Para aproveitar os recursos da caatinga é preciso, antes de mais nada, conter a devastação, afirmam os especialistas. De acordo com estudos coordenados pelo pesquisador Washington Rocha, da Universidade Estadual de Feira de Santana, 59% da vegetação original já sofreu transformação.
O número apresentado por Rocha é superior ao fornecido pelo Ministério do Meio Ambiente (MMA), que encomendou o estudo e considera que o índice é 36%. "Para nós, 41% são núcleos autenticamente remanescentes. O número adotado pelo governo agrega parte da cobertura com fortes indícios de antropização (influência humana)", diz Rocha.
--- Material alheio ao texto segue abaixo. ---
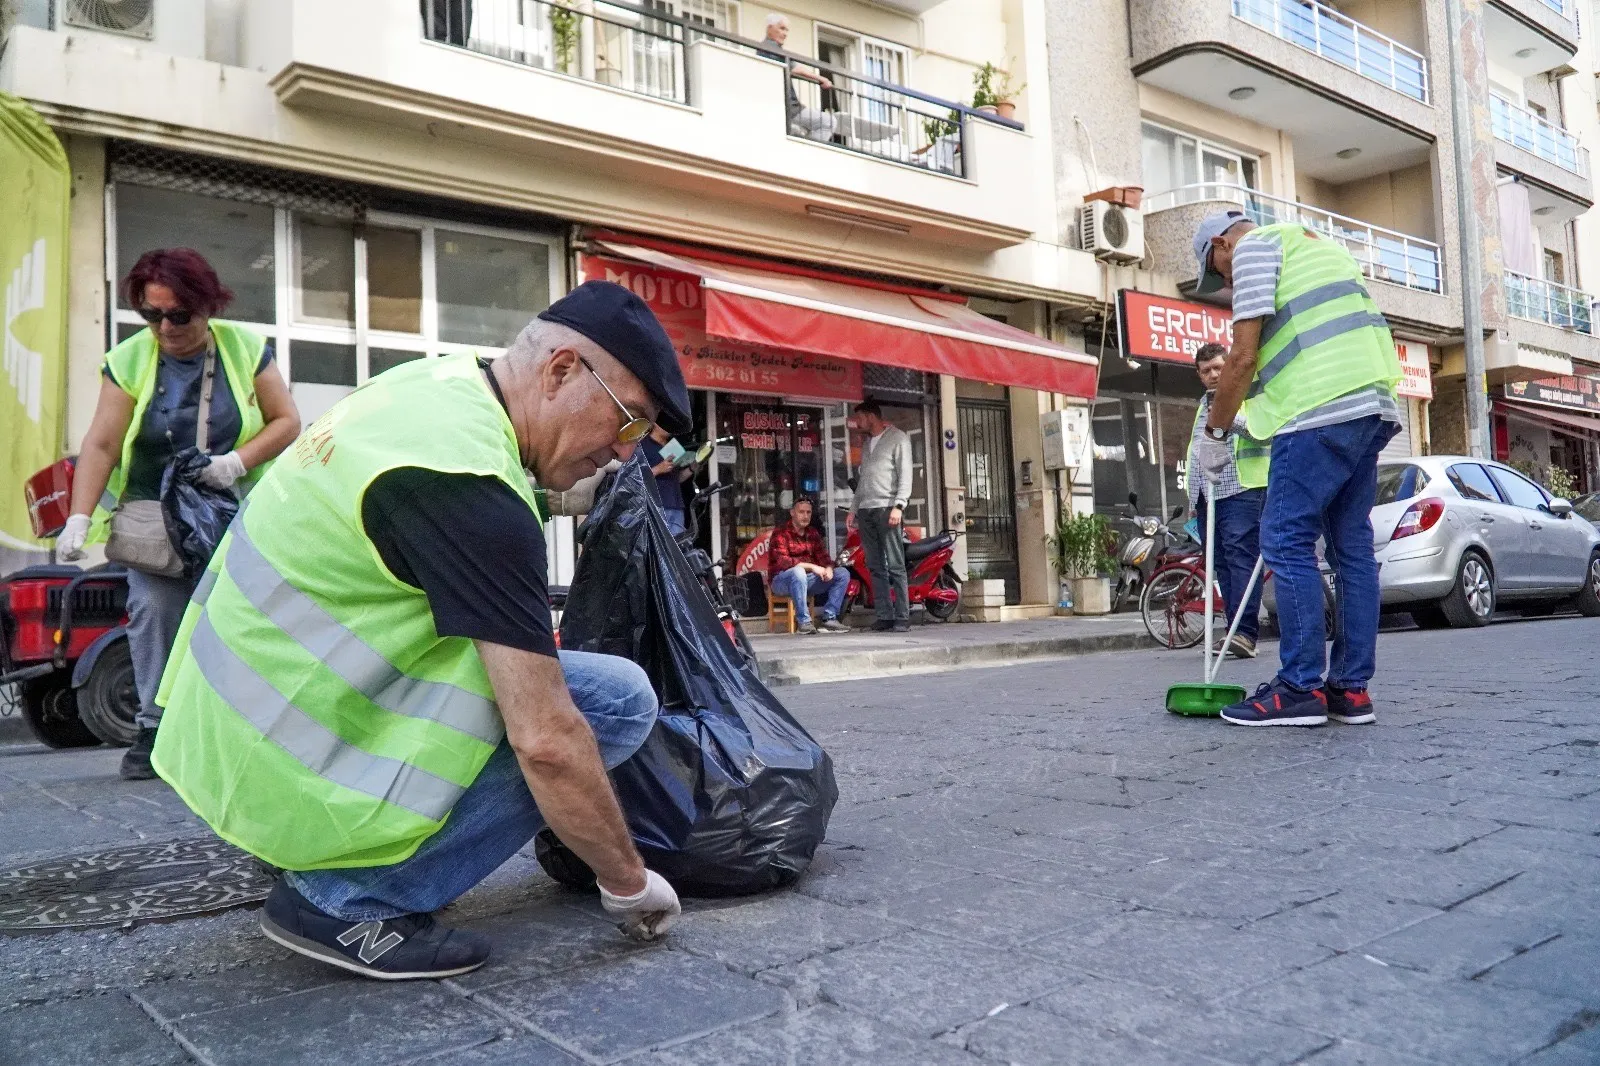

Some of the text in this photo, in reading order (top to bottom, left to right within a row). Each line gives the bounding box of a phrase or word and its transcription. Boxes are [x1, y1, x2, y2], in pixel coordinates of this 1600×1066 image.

[605, 267, 707, 309] MOTO
[697, 345, 746, 361] Bisiklet
[1165, 336, 1180, 353] EL
[706, 364, 735, 381] 302
[762, 371, 778, 386] 55
[336, 920, 405, 965] N
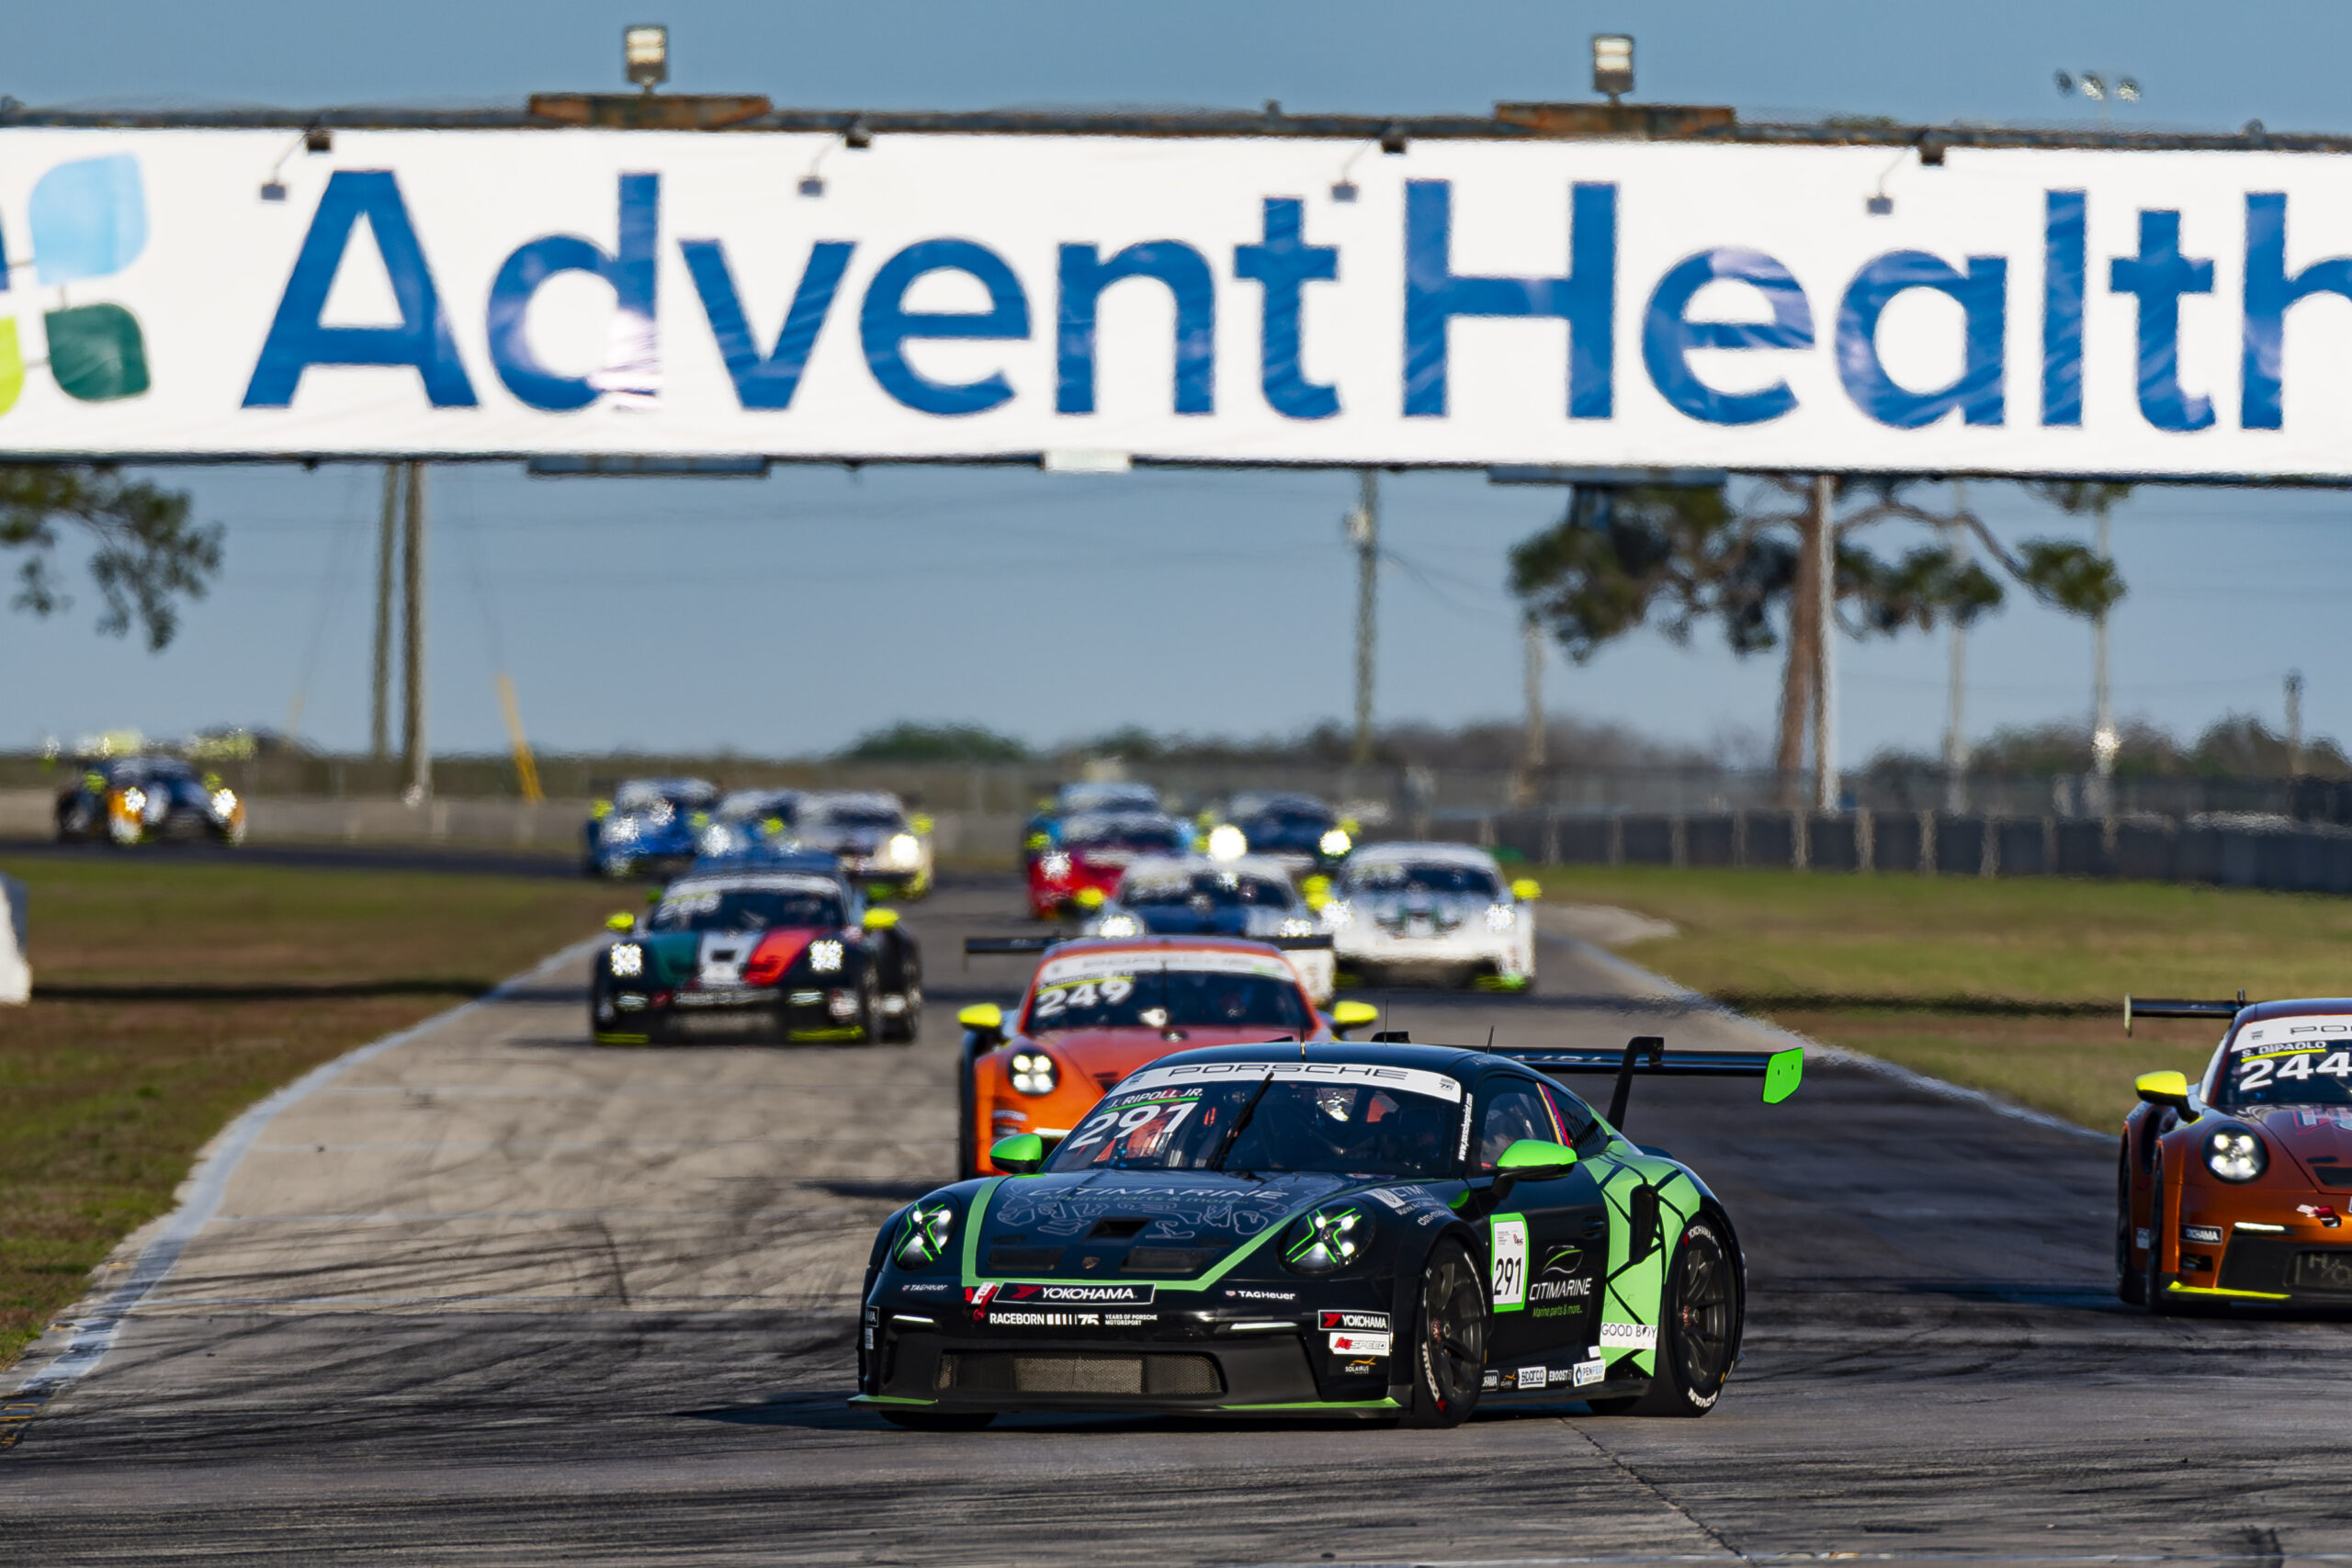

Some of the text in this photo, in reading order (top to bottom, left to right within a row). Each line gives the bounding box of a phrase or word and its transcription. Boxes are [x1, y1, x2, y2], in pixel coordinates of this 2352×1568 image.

[241, 169, 2352, 434] AdventHealth
[1036, 978, 1134, 1019] 249
[2258, 1041, 2327, 1055] DIPAOLO
[1168, 1064, 1408, 1080] PORSCHE
[2239, 1052, 2352, 1091] 244
[1122, 1089, 1178, 1105] RIPOLL
[1180, 1087, 1204, 1099] JR.
[1068, 1101, 1199, 1150] 291
[1028, 1187, 1289, 1200] CITIMARINE
[1494, 1258, 1522, 1296] 291
[1042, 1288, 1135, 1300] YOKOHAMA
[1529, 1278, 1593, 1301] CITIMARINE
[989, 1313, 1045, 1325] RACEBORN
[1077, 1314, 1100, 1325] 75
[1341, 1314, 1387, 1329] YOKOHAMA
[1601, 1323, 1633, 1337] GOOD
[1521, 1370, 1544, 1382] sparco
[1582, 1364, 1604, 1376] PENFED
[1688, 1386, 1718, 1407] ADVAN
Segundo ele, até por causa do preconceito de se considerar a área limitada, não foram criadas estratégias de conservação. Só 1,8% do território é protegido por unidades federais de proteção integral. "Há várias regiões com espécies endêmicas raras que não são preservadas. Esse estigma prejudicou e prejudica até hoje a região. A caatinga nem sequer é considerada patrimônio nacional pela Constituição."
Um dos resultados do desmate é o agravamento do processo natural de desertificação do semi-árido. "O uso intensivo do solo cria processos não controláveis de erosão, a cobertura vegetal não se reinstala mais", explica. Essa situação já ruim pode ser piorada pelo aquecimento global, cuja tendência é diminuir as chuvas, podendo transformar o semi-árido em deserto. A manutenção da mata remanescente, por outro lado, pode ajudar a segurar o avanço.
De acordo com o pesquisador, algumas áreas que vêm sendo desmatadas com mais intensidade merecem atenção, em especial uma região compreendida entre Piauí, Bahia e Ceará, derrubada para alimentar o pólo gesseiro de Pernambuco (responsável por abastecer quase o Brasil inteiro). "Assim como o cerrado de Minas foi desmatado para servir de combustível para a indústria siderúrgica", compara Rocha. "Com o agravante de que a caatinga tem uma capacidade menor de recuperação." Sem nenhum projeto de sustentabilidade, esse processo vem ocorrendo ao longo dos últimos cem anos.
A ameaça também vem da frente agrícola, que avança para a caatinga nas regiões de fronteira com o cerrado, que são mais propícias para a soja. Em outros pontos, a derrubada ocorre para o plantio de mamona, por causa da emergência dos biocombustíveis.